Spacecraft protection from the orbital debris threat comes in two flavors:
- Shield and withstand
- Detect and avoid
To start, page 5 of this NASA paper presents a good first-order approximation of the general LEO orbital debris threat. You'll see some variation with altitude and inclination, but for the most part, the shape of the graph is generally the same. The line represents the inverse cumulative flux -- that is, the number of particles per square meter per year of a given size or larger from all directions combined. It's important to note that this flux is on a log scale. The text near the thick arrows denotes the data source that informs the model for indicated size ranges.
At the extreme left end of the graph, we have very high numbers of very small particles. Most of these are operationally inconsequential unless you have particularly sensitive surfaces like telescope or camera optics. Most surfaces require no or minimal shielding to withstand strikes in these size ranges.
As your particle size gets larger, you begin to require dedicated shielding to protect your hardware. Those shields will typically protect you up to some maximum size for typical impacts. Larger protection capabilities mean more mass, and it does not scale linearly, so a cutoff has to be made for a given spacecraft to be light enough to fly.
Large enough objects are able to be detected and avoided. Detection and avoidance takes time to plan and execute -- several orbits. It is nothing like what you would see in a movie. Of particular importance is the fact that all of the detection and avoidance capability is due to the use of ground-based tracking assets. In the US, this typically comes in the form of conjunction notices from JSpOC/USSTRATCOM (see here for more info). This information comes primarily from the Space Surveillance Network, and the typical "tracked object" sizes are denoted by "SSN" in the graph highlighted above.

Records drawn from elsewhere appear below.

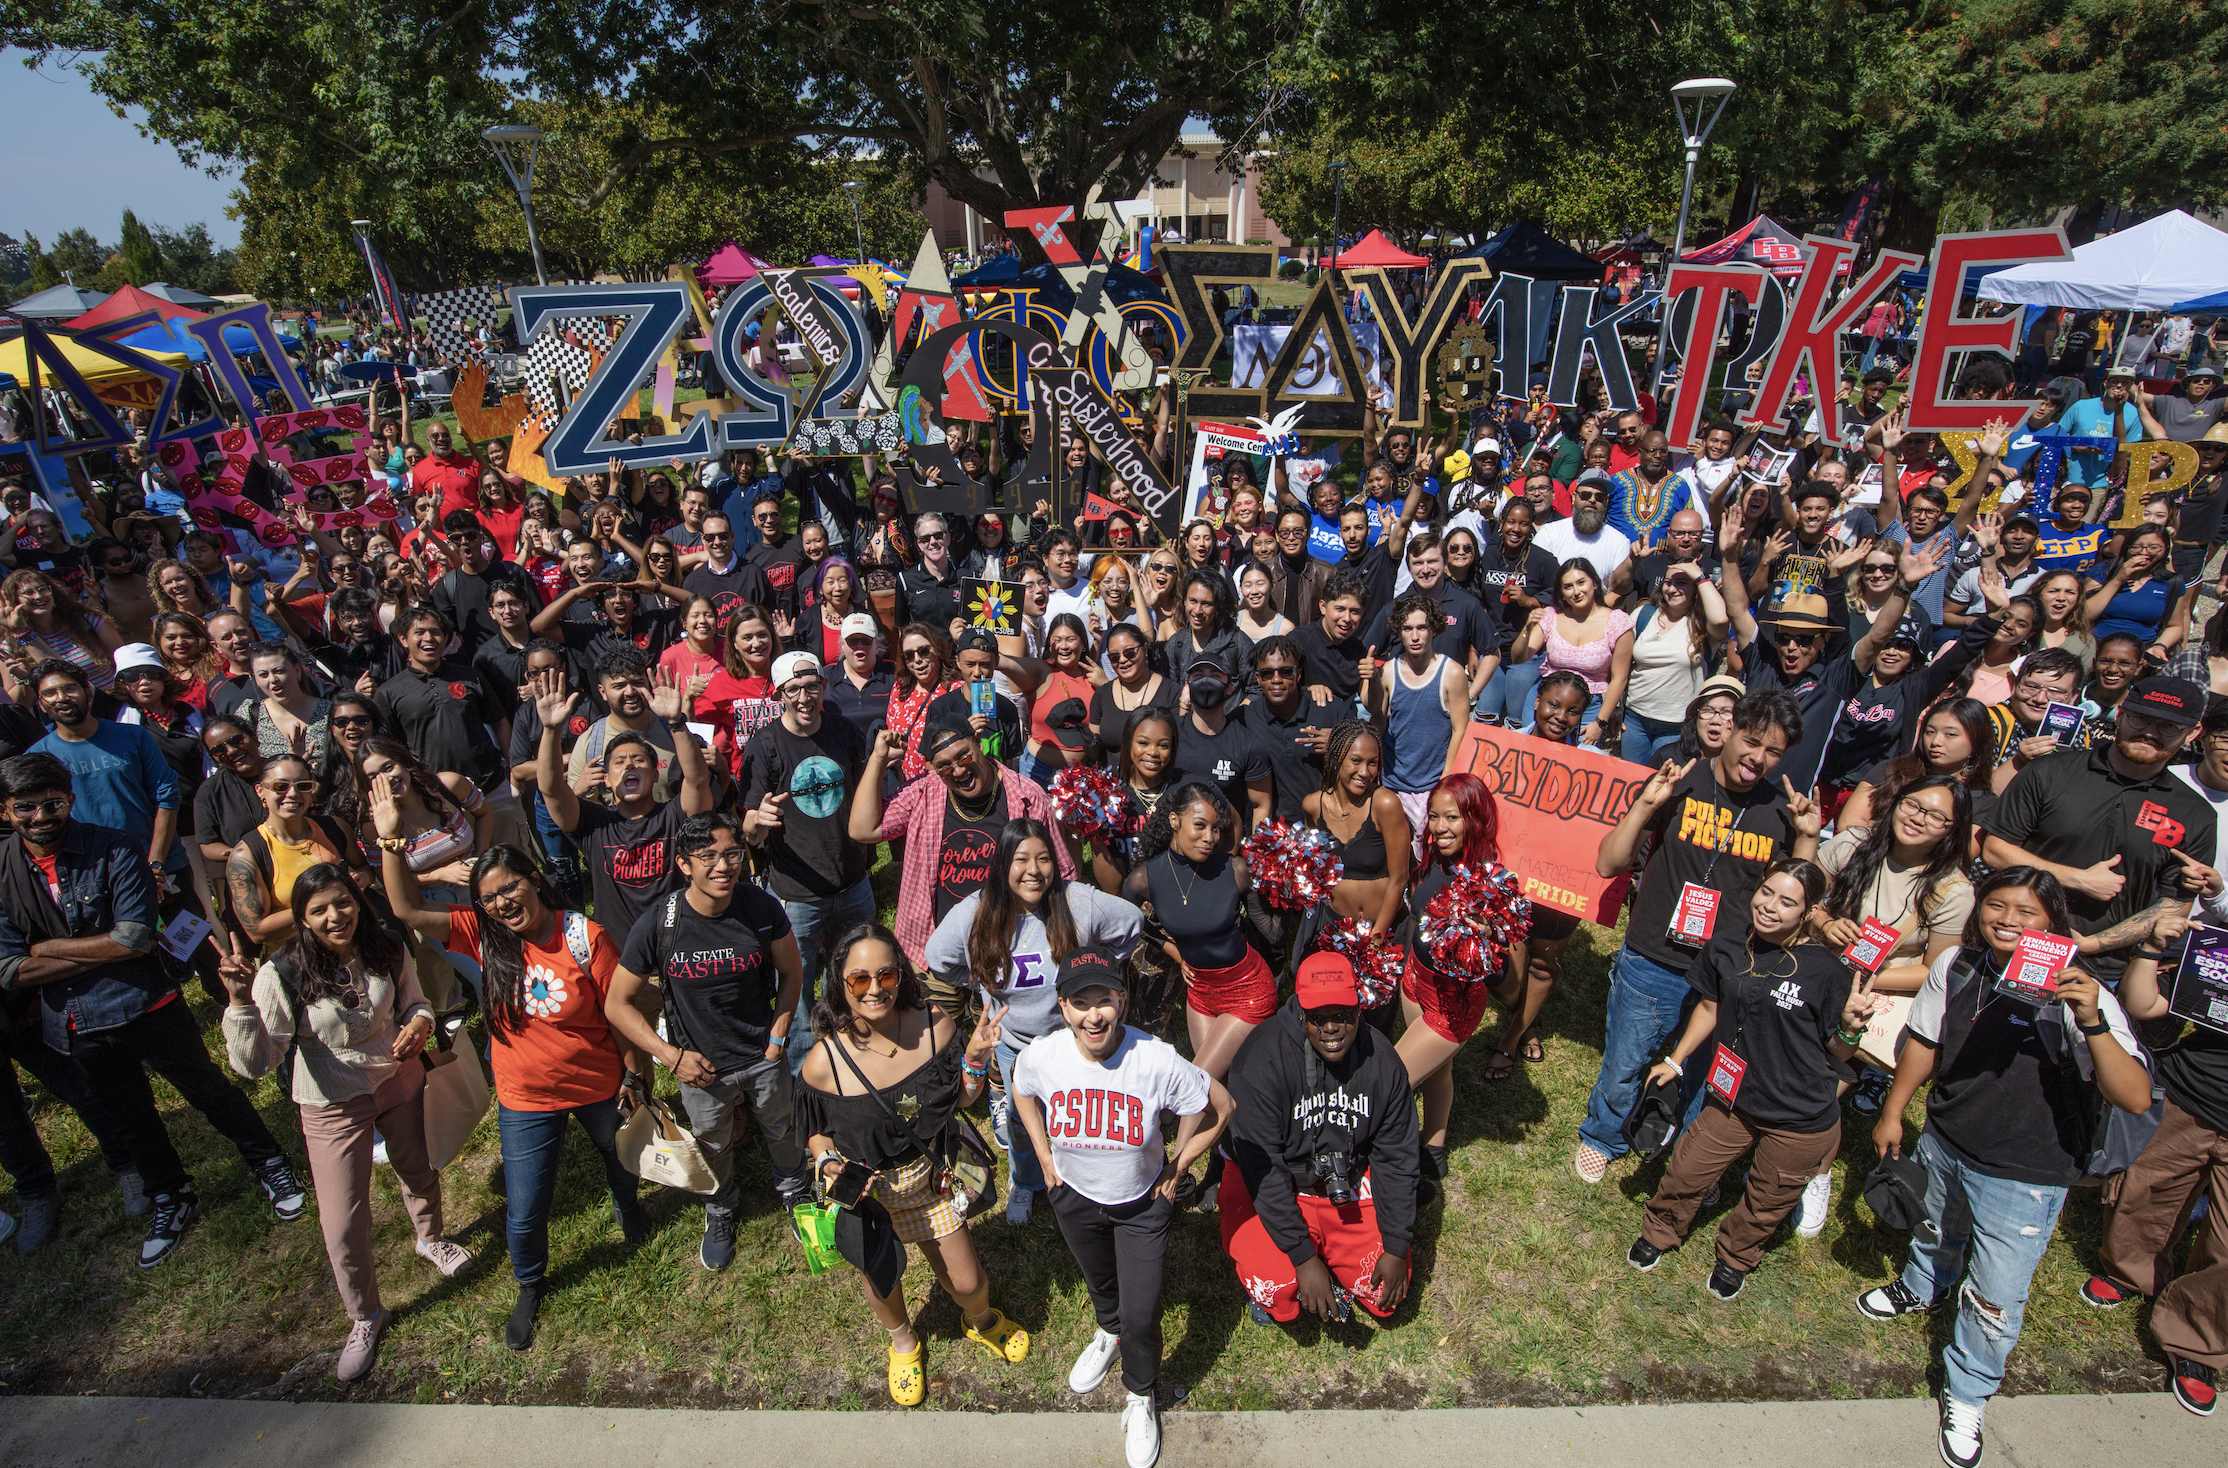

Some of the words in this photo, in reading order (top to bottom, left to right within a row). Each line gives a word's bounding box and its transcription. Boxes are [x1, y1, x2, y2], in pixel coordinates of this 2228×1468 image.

[1753, 237, 1801, 260] EB
[1769, 264, 1803, 274] IONEERS
[763, 269, 841, 367] Academics
[1055, 370, 1181, 518] Sisterhood
[1207, 434, 1245, 449] Welcome
[767, 565, 795, 579] FOREVER
[716, 597, 746, 616] rever
[993, 626, 1015, 636] CSUEB
[2143, 694, 2184, 708] Illustrated
[2150, 691, 2182, 702] Esports
[734, 702, 786, 721] STUDEN
[69, 751, 131, 776] ARLESS
[1685, 797, 1733, 828] PULP
[1678, 814, 1775, 863] FICTION
[613, 841, 664, 865] FOREVER
[613, 857, 664, 880] PIONEER
[941, 863, 991, 887] Pione
[1524, 876, 1590, 913] PRIDE
[1685, 896, 1715, 908] VALDEZ
[1689, 889, 1714, 901] JESUS
[664, 893, 678, 928] Reebo
[1863, 929, 1888, 945] STAFF
[1864, 923, 1895, 943] VOLUNTEER
[2019, 940, 2068, 956] LAMINERO
[2022, 935, 2069, 951] JENNALYN
[671, 951, 690, 963] AL
[692, 948, 735, 962] STATE
[2194, 955, 2228, 973] ESP
[667, 959, 724, 979] EAST
[1770, 988, 1786, 1000] FALL
[1785, 994, 1805, 1008] RUSH
[1775, 999, 1793, 1011] 2023
[1718, 1050, 1743, 1072] VOLUNTEER
[1719, 1057, 1739, 1074] STAFF
[1049, 1088, 1143, 1147] CSUEB
[1062, 1141, 1124, 1151] PIONEERS
[655, 1152, 670, 1166] EY

Below a certain critical size, objects in space cannot be reliably tracked. Their presence is observable using radar and telescopes in "stare" mode ("Goldstone", "HAX", and "Haystack"), but that just gets you a population count, not tracking. These objects in general cannot be detected and avoided, and they are in size ranges for which effective shielding is impractically massive for all but the most critical hardware surfaces.

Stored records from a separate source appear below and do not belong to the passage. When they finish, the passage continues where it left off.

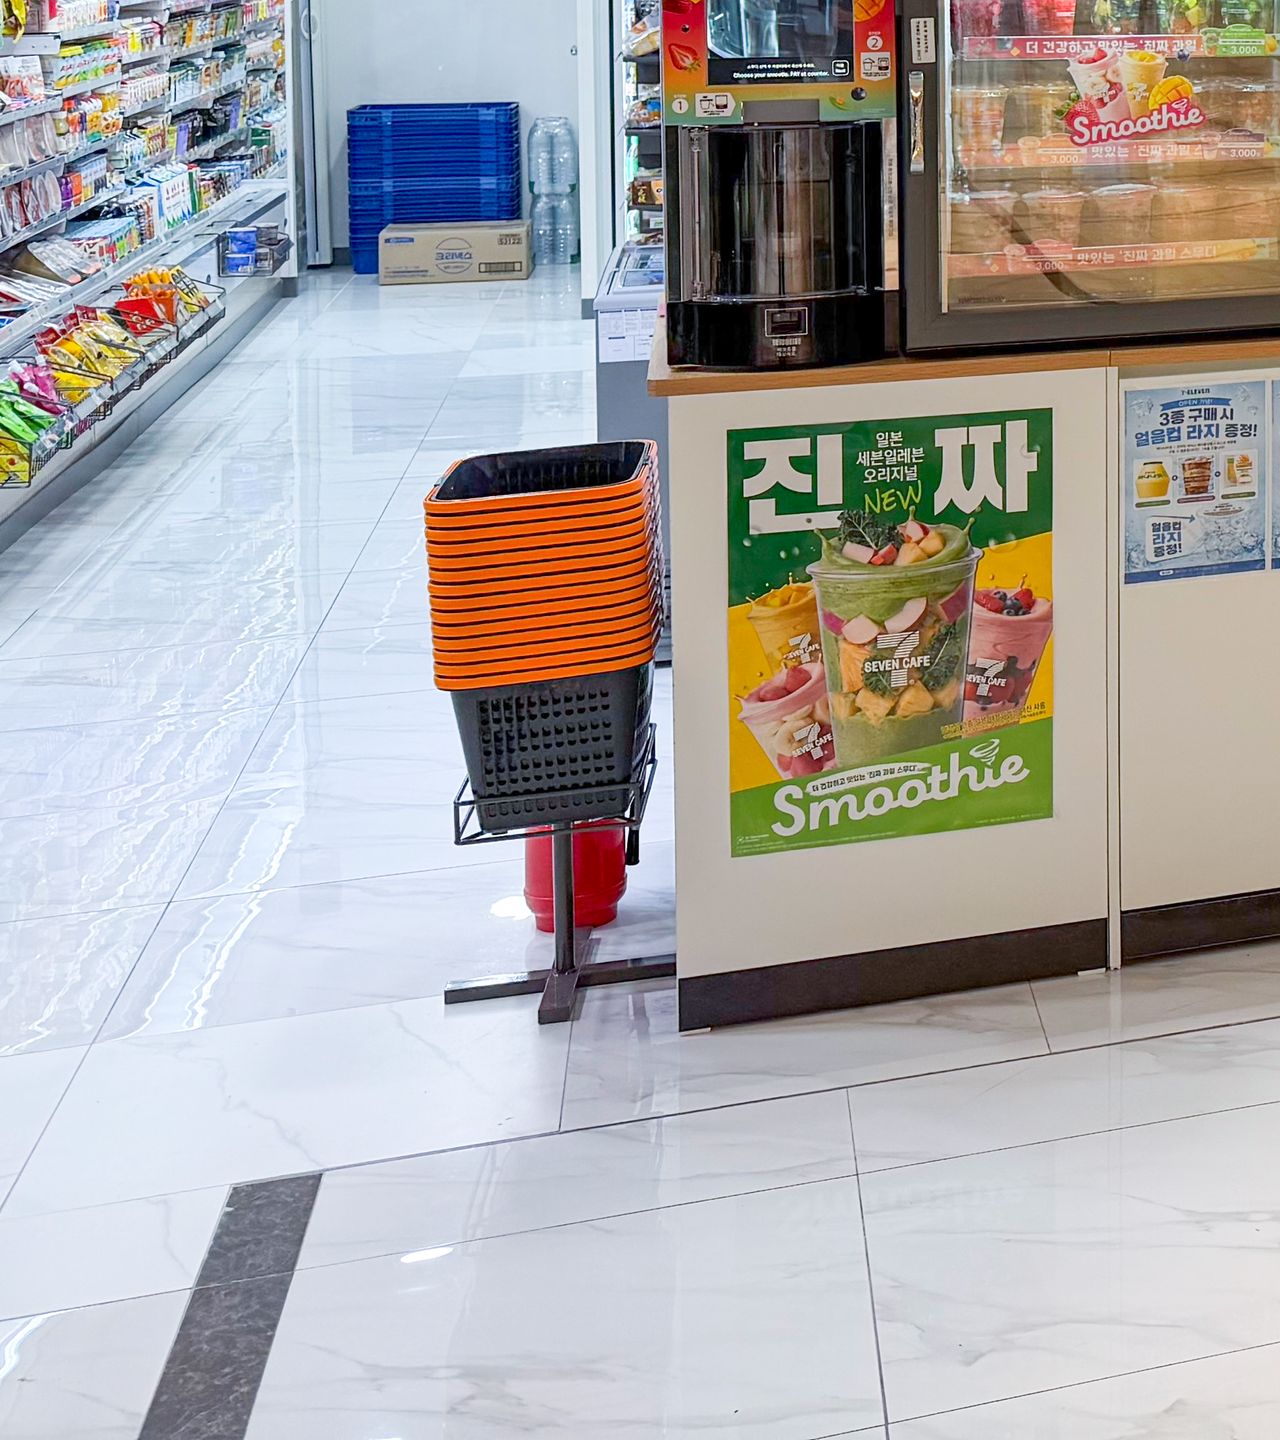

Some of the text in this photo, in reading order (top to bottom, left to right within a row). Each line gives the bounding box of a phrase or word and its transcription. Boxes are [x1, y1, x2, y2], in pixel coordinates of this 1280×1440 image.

[1026, 41, 1038, 54] 더
[1043, 40, 1096, 54] 건강하고
[1098, 39, 1137, 53] 맛있는
[1172, 39, 1197, 51] 과일
[1073, 99, 1203, 143] Smoothie
[1092, 144, 1129, 158] 맛있는
[1166, 143, 1192, 157] 과일
[1077, 250, 1115, 264] 맛있는
[1152, 247, 1177, 261] 과일
[1159, 408, 1234, 426] 3종 구매 시
[875, 431, 904, 447] 일본
[1135, 428, 1182, 447] 얼음컵
[1187, 424, 1220, 440] 라지
[1225, 424, 1257, 438] 증정!
[856, 447, 925, 467] 세븐일레븐
[863, 465, 918, 484] 오리지널
[934, 419, 1037, 516] 짜
[864, 480, 923, 514] NEW
[864, 655, 930, 672] SEVEN CAFE
[771, 742, 1030, 836] Smoothie

As with pretty much any spacecraft application, it is impossible to drive loss-of-mission or loss-of-vehicle risk to zero. (Indeed, the safest spacecraft is the one that doesn't fly!) Carefully considered decisions must be made about what levels of risk to accept. These decisions are predicated on the underlying data that feeds the risk calculations being valid going forward.
An unexpected release of a large number of objects firmly in the middle of the "too small to detect and too big to practically shield against" region at an altitude for which they could rain down through the orbits of critical assets for months or years to come would be a massive upset in the risk-based decision process. For hardware already on orbit, this would greatly increase the risk of a catastrophic loss beyond acceptable levels. At high enough levels, it could render LEO too dangerous to inhabit for years or decades.